**Problem to solve:**
Transcribe the listing below word for word but skip its images.

**Listed entries:**

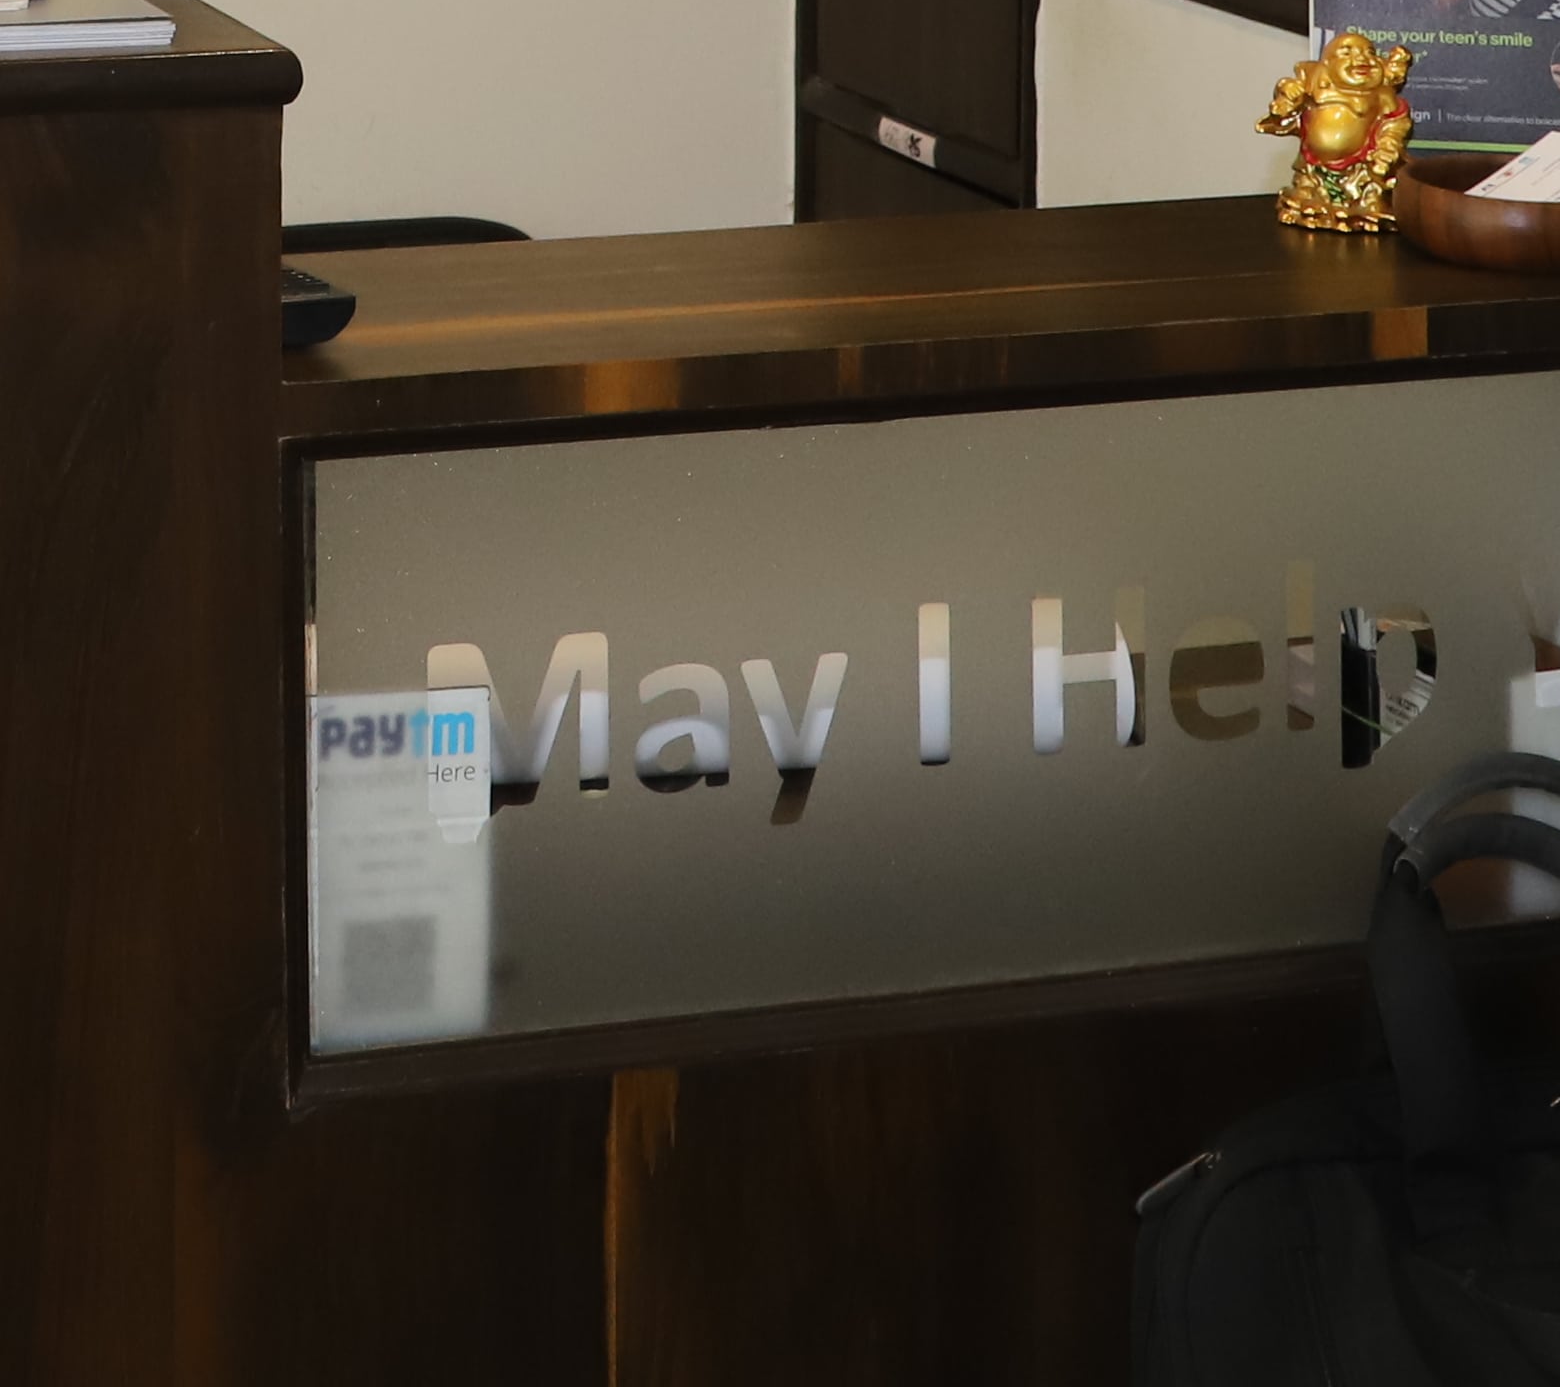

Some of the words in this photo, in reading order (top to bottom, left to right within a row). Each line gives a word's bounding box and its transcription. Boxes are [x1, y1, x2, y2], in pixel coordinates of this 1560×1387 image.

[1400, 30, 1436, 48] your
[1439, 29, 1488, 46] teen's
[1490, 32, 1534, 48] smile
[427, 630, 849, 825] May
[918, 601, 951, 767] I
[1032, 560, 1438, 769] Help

**Response box:**
Some of the words in this photo, in reading order (top to bottom, left to right within a row). Each line gives a word's bounding box and its transcription. Boxes are [x1, y1, x2, y2], in pixel coordinates of this 1560×1387 image.

[1400, 30, 1436, 48] your
[1439, 29, 1488, 46] teen's
[1490, 32, 1534, 48] smile
[427, 630, 849, 825] May
[918, 601, 951, 767] I
[1032, 560, 1438, 769] Help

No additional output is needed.